Why can't an operator be declared as an instance member?

(Svein Halvor Halvorsen) #2

Can you give an example of what you’re trying to accomplish?

(Erik Little) #3

It's just not how Swift was designed. In theory it should be possible to turn any method that takes a single param into a "operator", and this is what Scala does. Swift made the initial decision that operators are defined statically, and only on a strict subset of characters, rather than any method can be used as an operator like Scala. Swift restricts operators to a certain character set to make it easier on parsing and tooling.

(Genaro Chris) #4

Infix operator especially

(Svein Halvor Halvorsen) #5

If I understand you correctly, you want a () -> T instance method to work as a prefix/suffix operator, and a (Self) -> T instance method to work as an infix operator.

This proposal is accepted, but not implemented. If if ever gets implemented, and if I understand it correctly, it would treat any instance method (Self) -> T as a static method (Self, Self) -> T (instead of the current (Self) -> (Self) -> T as is today). That might make it possible to use instance methods as operators?

(Jeremy David Giesbrecht) #6

Is your question is why you have to write this...

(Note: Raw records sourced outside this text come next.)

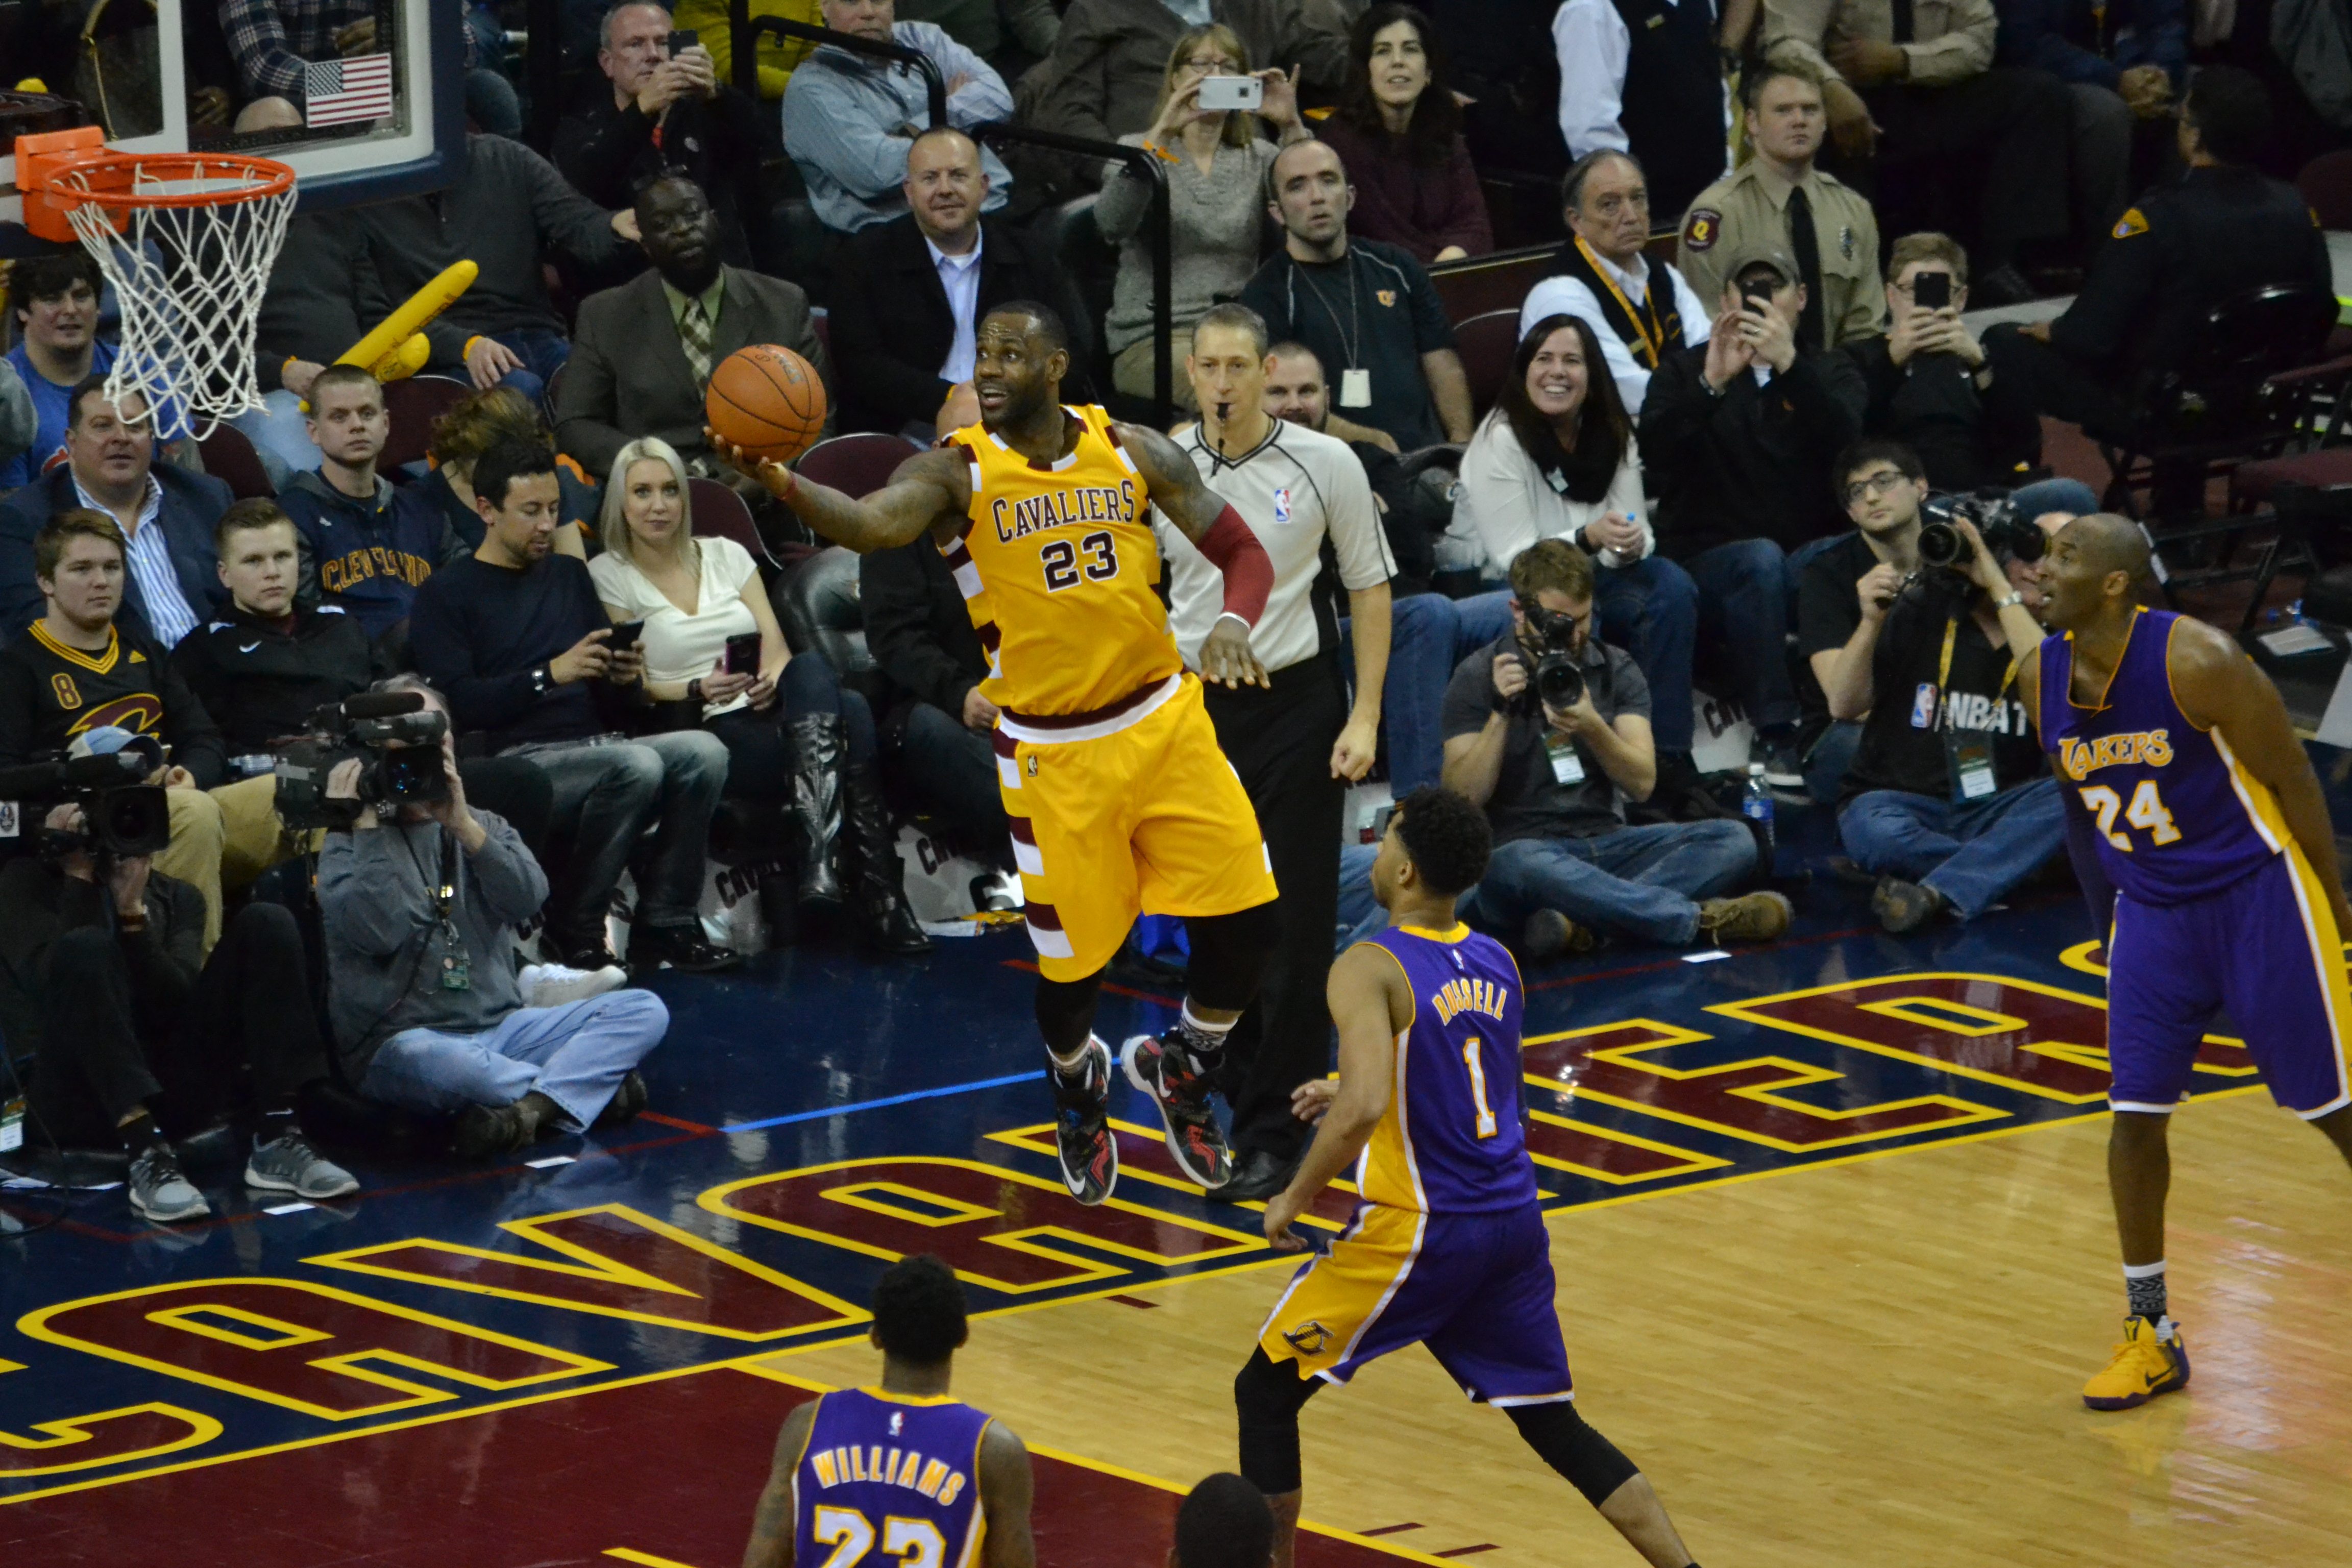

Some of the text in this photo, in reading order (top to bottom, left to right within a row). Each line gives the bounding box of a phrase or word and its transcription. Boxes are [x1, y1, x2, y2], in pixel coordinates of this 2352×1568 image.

[992, 479, 1135, 544] CAVALIERS
[1040, 530, 1119, 593] 23
[52, 672, 83, 709] 8
[2058, 728, 2174, 781] LAKERS
[2078, 779, 2183, 852] 24
[1432, 978, 1507, 1026] RUSSELL
[1463, 1037, 1498, 1139] 1
[812, 1445, 966, 1506] WILLIAMS
[814, 1505, 947, 1568] 23
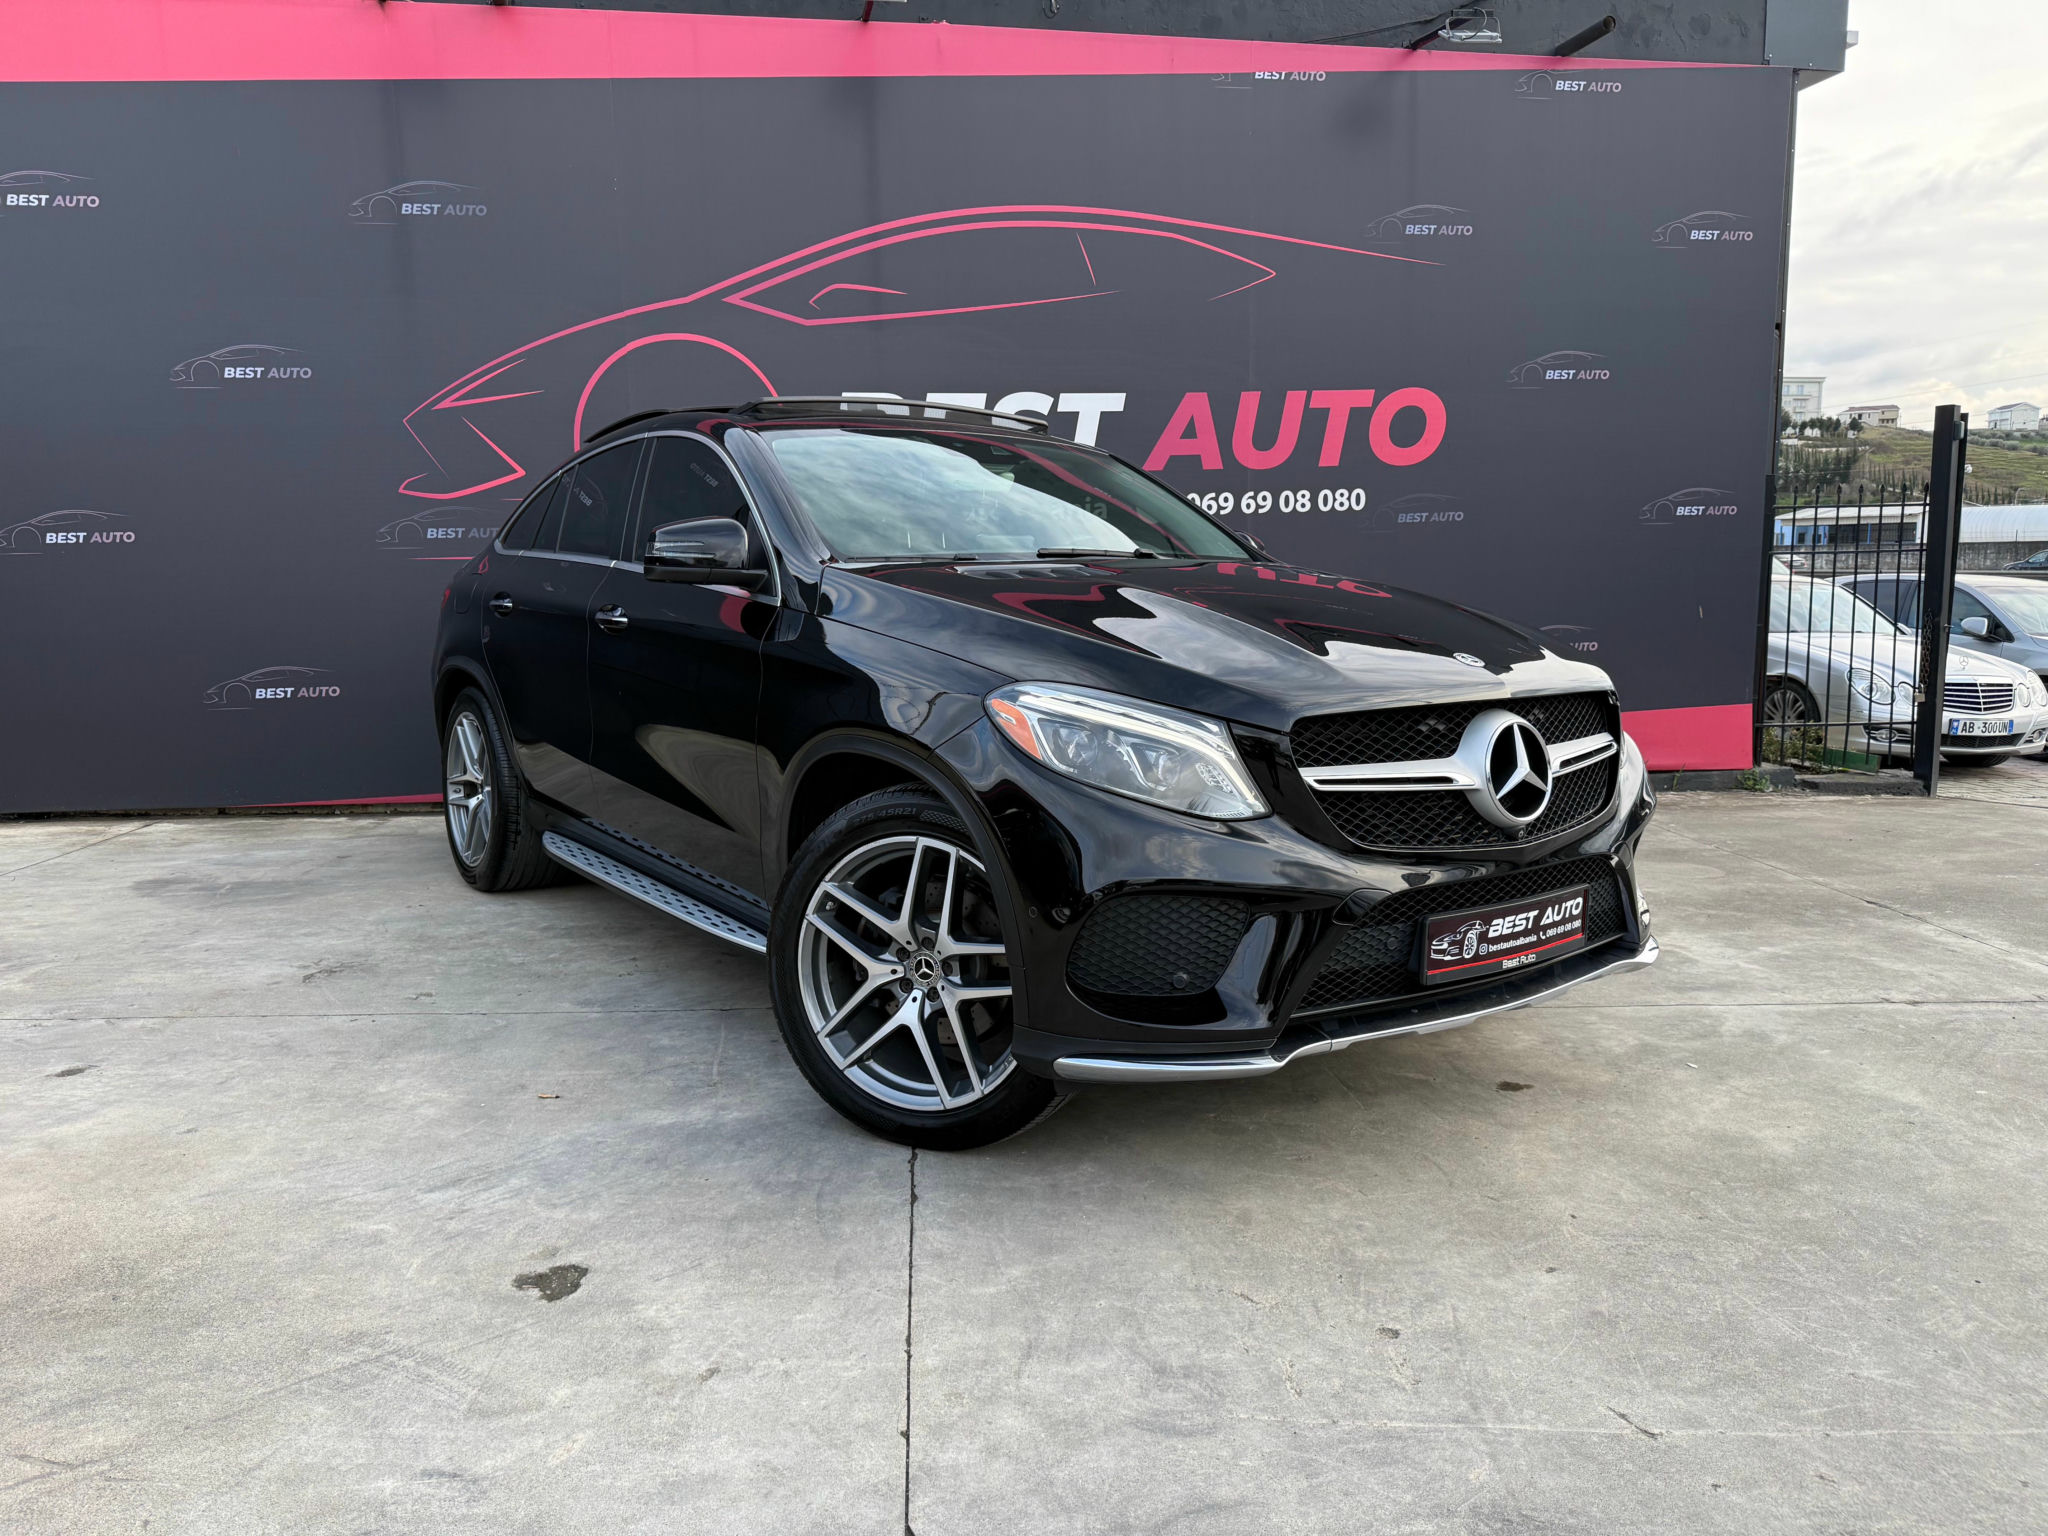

static func ==(lhs: Self, rhs: Self) -> Bool { ... }

...and not just this...

func ==(lhs: Self, rhs: Self) -> Bool { ... }


If so, the answer is that there is no “self” instance in an operator usage context.

struct Type {
    func isEqual(to other: Type) -> Bool {
        // “self” makes sense here.
        return ==
    func ==(lhs: Type, rhs: Type) -> Bool {
        print(self) // Okay, we have “lhs” and “rhs”, but then what is “self”?!?
        return ==
_ = a.isEqual(to: b) // “self” is clearly “a”.
_ = a == b // “self” is ...?!?

Because there can be no meaningful instance, the operator function is declared like any other method not tied to a particular instance—static.